Quando una persona viene trattata con un vaccino, il suo sistema immunitario produce attivamente i propri anticorpi, che uccideranno l’agente patogeno bersaglio in qualsiasi incontro futuro. Questo fenomeno è detto immunità attiva.
Il plasma convalescente offre invece quella che viene chiamata “immunità passiva”. Nell’immunità passiva il corpo non crea i propri anticorpi, ma li “prende in prestito” da un’altra persona, o animale, che ha sconfitto con successo la malattia.
A differenza del vaccino, la protezione non dura tutta la vita, ma gli anticorpi presi in prestito possono ridurre notevolmente i tempi di recupero e persino fare la differenza tra la vita e la morte.
Il plasma convalescente, insomma, è la più grezza delle immunoterapie, ma può essere molto efficace. I trattamenti al plasma, non per nulla, hanno dimezzato i decessi per influenza spagnola.
L’impiego del plasma convalescente durante l’epidemia di influenza spagnola (1918-1920)
Dopo che l’antitossina di von Behring venne distribuita in tutto il mondo per curare la difterite nel 1895, i medici iniziarono a sperimentare la stessa tecnica di immunità passiva per curare il morbillo, la parotite, la poliomielite e l’influenza.
Durante l’epidemia di influenza pandemica del 1918, nota come “influenza spagnola”, i tassi di mortalità furono dimezzati per i pazienti trattati con il plasma sanguigno rispetto a quelli che non lo erano.
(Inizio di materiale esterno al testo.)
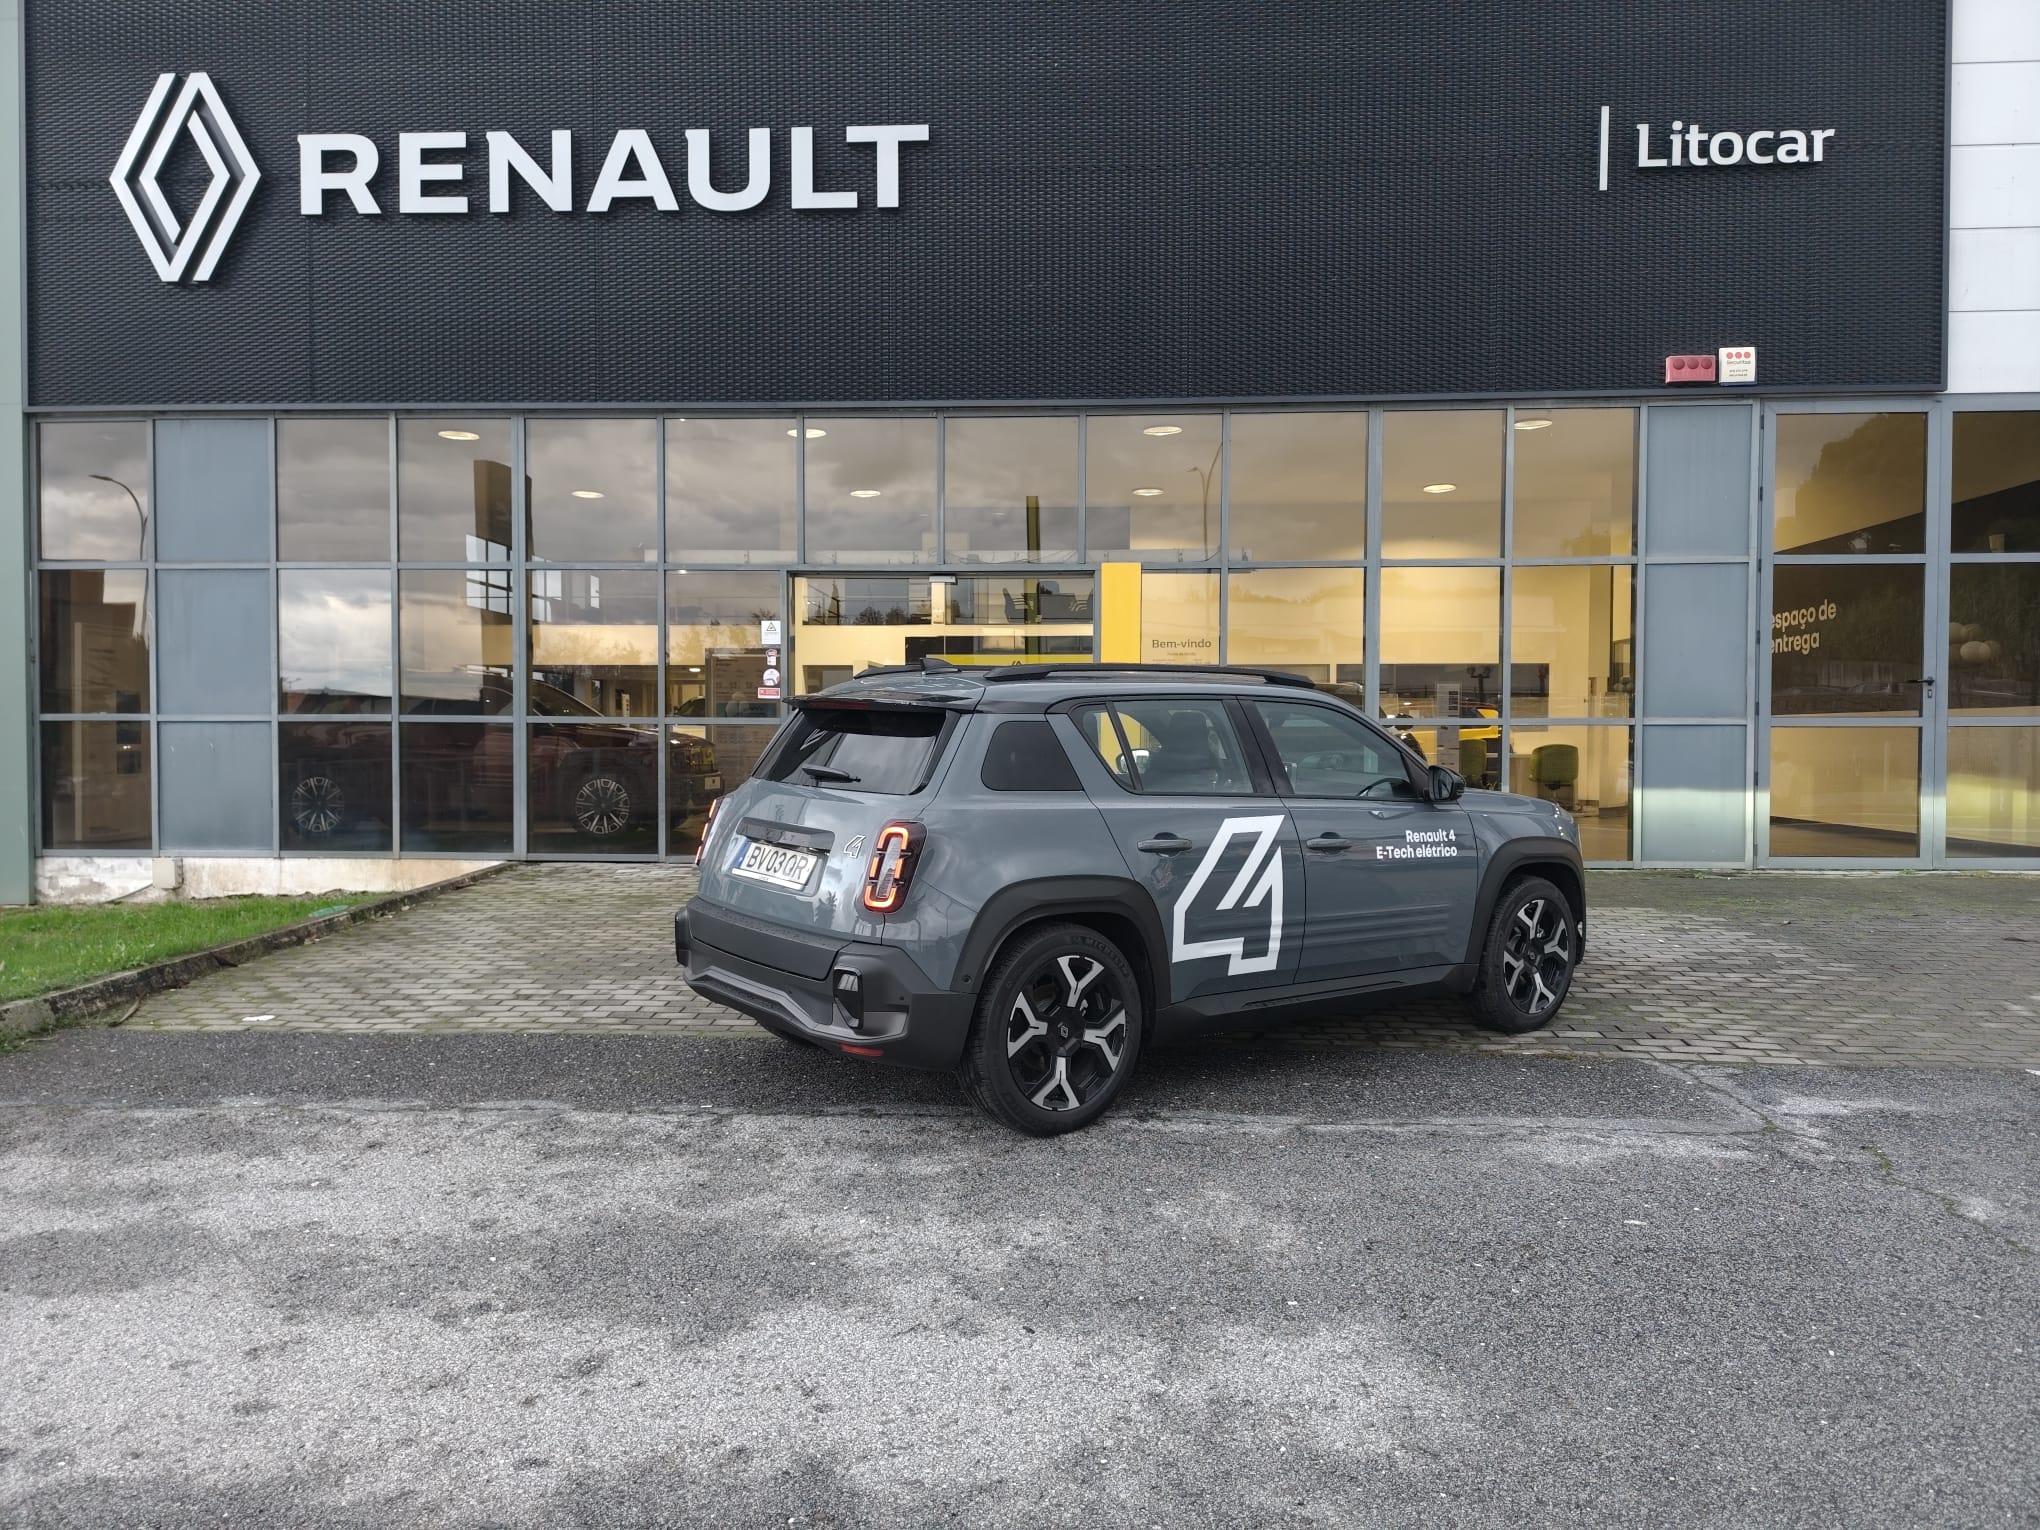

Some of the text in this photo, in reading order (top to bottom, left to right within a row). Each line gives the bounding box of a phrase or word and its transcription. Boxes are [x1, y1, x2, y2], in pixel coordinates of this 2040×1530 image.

[1636, 120, 1836, 168] Litocar
[297, 124, 930, 216] RENAULT
[1818, 598, 1837, 621] de
[1151, 638, 1212, 649] Bem-vindo
[1405, 828, 1457, 843] Renault 4
[1375, 843, 1458, 860] E-Tech elétrico
Il metodo sembrava particolarmente efficace con i pazienti che avevano ricevuto gli anticorpi nei primi giorni dell’infezione, quindi prima che i loro stessi sistemi immunitari avessero la possibilità di reagire in modo eccessivo e di danneggiare gli organi vitali.
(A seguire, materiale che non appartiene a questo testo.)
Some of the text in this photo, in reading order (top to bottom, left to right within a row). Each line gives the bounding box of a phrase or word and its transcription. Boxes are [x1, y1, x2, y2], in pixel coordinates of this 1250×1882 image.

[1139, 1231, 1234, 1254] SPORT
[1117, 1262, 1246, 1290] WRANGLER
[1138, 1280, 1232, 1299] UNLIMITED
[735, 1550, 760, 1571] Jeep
Negli anni Trenta medici come Gallagher usarono efficacemente il plasma convalescente contro il morbillo.
Guerra di Corea: quando i trattamenti al plasma salvarono le truppe dell’ONU
Negli anni Quaranta e Cinquanta i vaccini, come pure gli antibiotici, iniziarono a sostituire l’uso del plasma convalescente per il trattamento di molti focolai di malattie infettive.
Il vecchio metodo però tornò ancora molto utile durante la Guerra di Corea, quando migliaia di truppe della neonata ONU furono colpite da un’infezione chiamata Febbre Emorragica Coreana, nota anche come Hantavirus.
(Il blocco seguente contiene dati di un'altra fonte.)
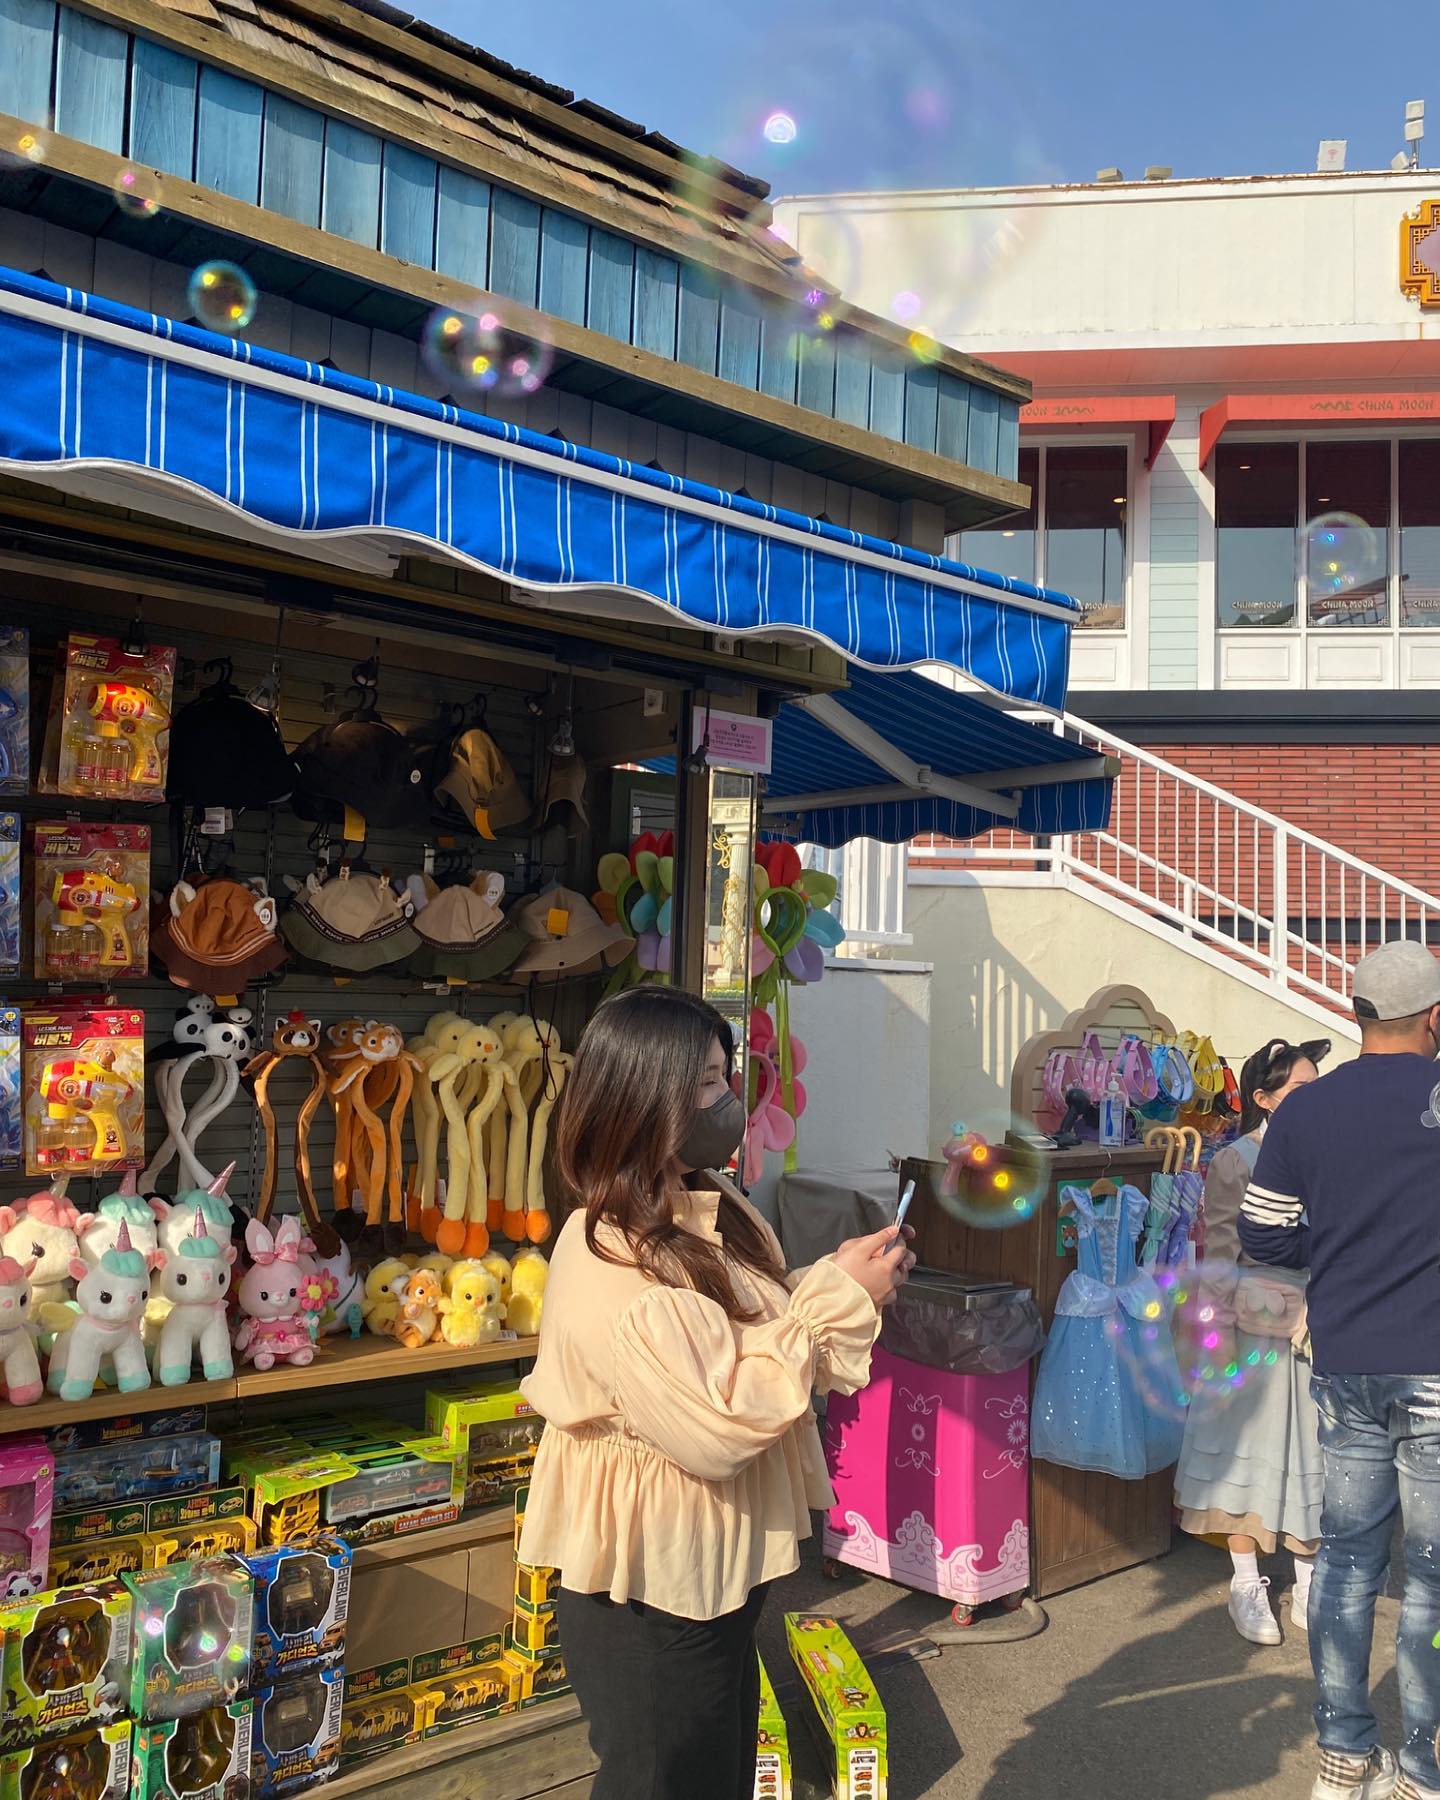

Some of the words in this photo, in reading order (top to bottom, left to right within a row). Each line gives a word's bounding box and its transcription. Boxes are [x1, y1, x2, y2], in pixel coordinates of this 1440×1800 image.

Senza altri trattamenti a disposizione, i medici presenti sul campo iniziarono a fare trasfusioni di plasma convalescente ai pazienti malati, salvando un numero imprecisato di vite.
Greene, parlando del plasma convalescente, ha aggiunto che è stato persino usato per trattare le epidemie di MERS, di SARS e di Ebola del XXI secolo, tutti nuovi virus che si sono diffusi attraverso le comunità prive di difese immunitarie naturali, di vaccini e di trattamenti antivirali efficaci.
Oggi il miglior trattamento per l’Ebola, manco a dirlo, è una coppia di “anticorpi monoclonali”, degli anticorpi singoli isolati dal plasma convalescente e poi clonati in modo artificiale in un laboratorio.
Plasma convalescente: combatterà anche il COVID-19?
Uno dei migliori, e più noti, usi moderni del plasma convalescente, è la produzione di antivirali per il trattamento di morsi letali dei serpenti.
L’antiveleno viene prodotto iniettando piccole quantità di veleno dei serpenti nei cavalli e consentendo al loro sistema immunitario di produrre gli anticorpi per neutralizzare il veleno.
Questi anticorpi equini vengono poi isolati, purificati e distribuiti agli ospedali come antivirali.
Nel marzo 2020 i medici della Johns Hopkins University hanno iniziato a testare il plasma convalescente come promettente trattamento contro il COVID-19, mentre i ricercatori provenienti da tutto il mondo hanno proseguito con le loro ricerche per un vaccino permanente.
Il vantaggio del plasma convalescente è che può essere prelevato dai pazienti guariti utilizzando la stessa tecnologia di separazione del plasma usata nelle banche del sangue.
“È tutto fattibile” ha dichiarato l’immunologo Arturo Casadevall, capo ricercatore dello studio COVID-19, “ma per farlo richiede impegno, organizzazione, risorse…e persone che si sono riprese dalla malattia e che possono donare il sangue.”